### What is needed
Write out all the entries word for word and omit any pictures.
Data provided START
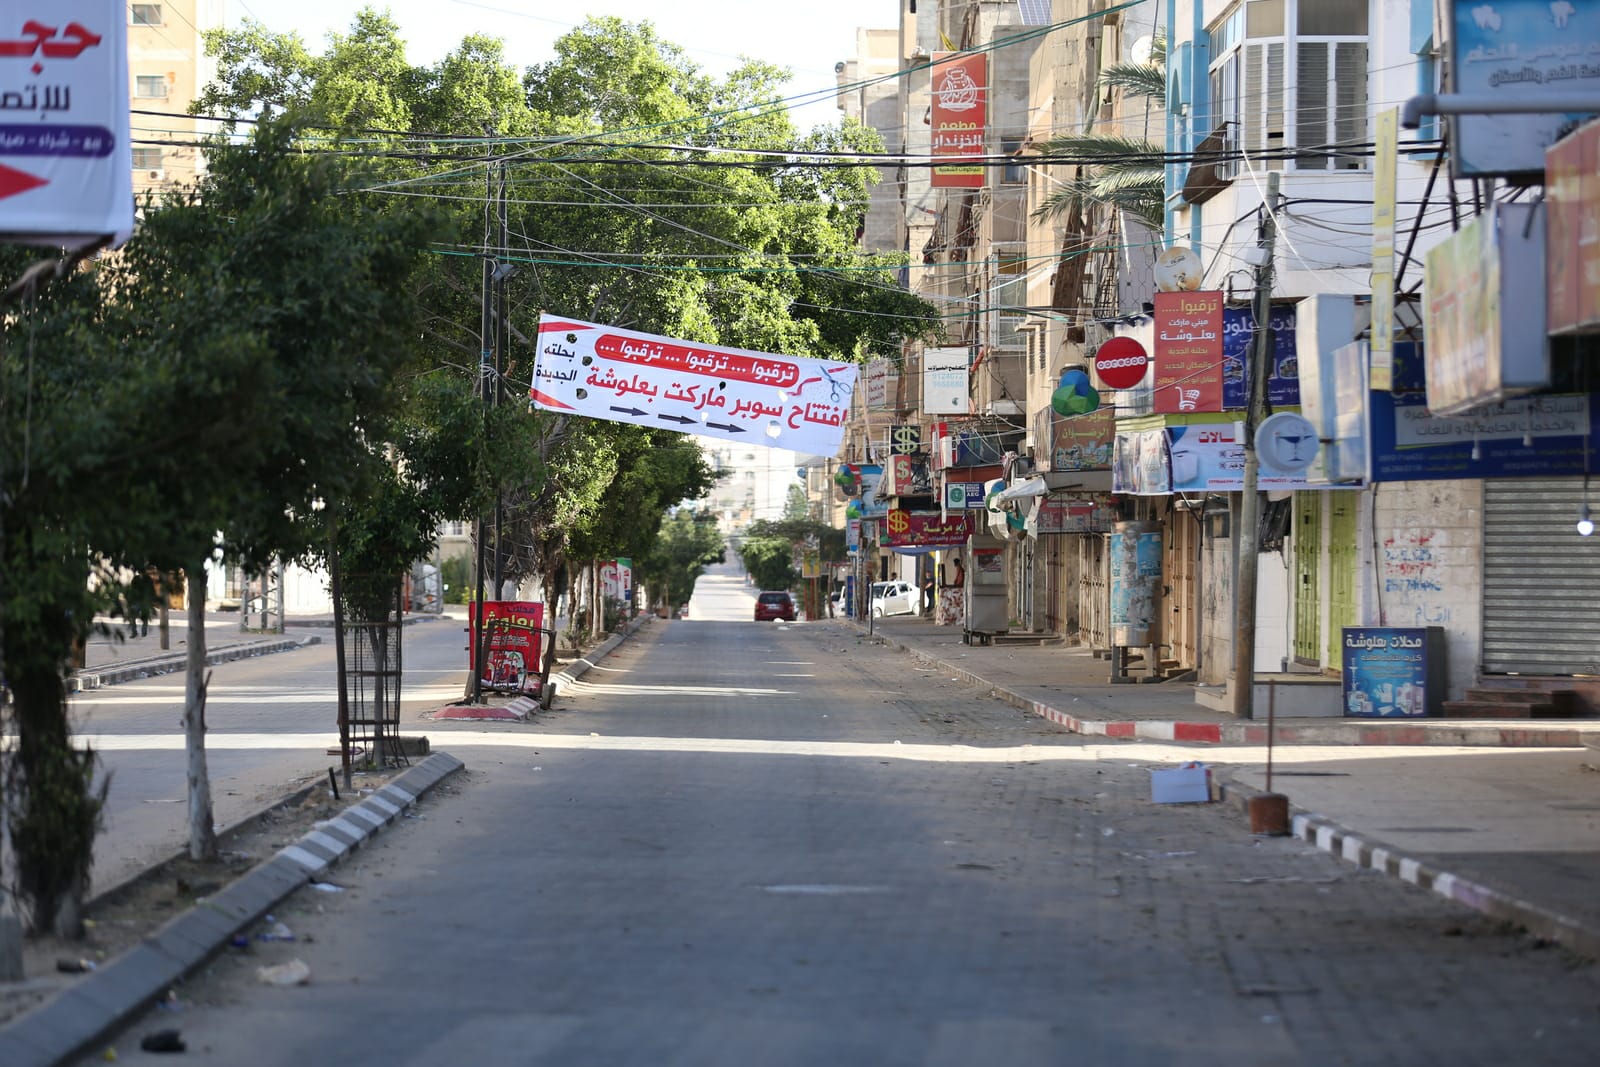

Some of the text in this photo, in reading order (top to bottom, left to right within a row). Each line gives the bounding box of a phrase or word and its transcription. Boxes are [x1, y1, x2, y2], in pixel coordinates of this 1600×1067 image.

[0, 19, 102, 75] حج
[0, 84, 70, 120] للإتص
[938, 121, 977, 133] مطعم
[933, 134, 982, 149] الخزندار
[620, 341, 663, 361] ترقبوا
[685, 351, 728, 374] ترقبوا
[1096, 355, 1146, 370] ooredoo
[536, 363, 577, 383] الجديدة
[751, 361, 796, 387] ترقبوا
[586, 367, 848, 429] افتتاح سوبر ماركت بعلوشة
[1346, 633, 1422, 651] محلات بعلوشة
Data provided END
### Answer space
Some of the text in this photo, in reading order (top to bottom, left to right within a row). Each line gives the bounding box of a phrase or word and its transcription. Boxes are [x1, y1, x2, y2], in pixel coordinates of this 1600×1067 image.

[0, 19, 102, 75] حج
[0, 84, 70, 120] للإتص
[938, 121, 977, 133] مطعم
[933, 134, 982, 149] الخزندار
[620, 341, 663, 361] ترقبوا
[685, 351, 728, 374] ترقبوا
[1096, 355, 1146, 370] ooredoo
[536, 363, 577, 383] الجديدة
[751, 361, 796, 387] ترقبوا
[586, 367, 848, 429] افتتاح سوبر ماركت بعلوشة
[1346, 633, 1422, 651] محلات بعلوشة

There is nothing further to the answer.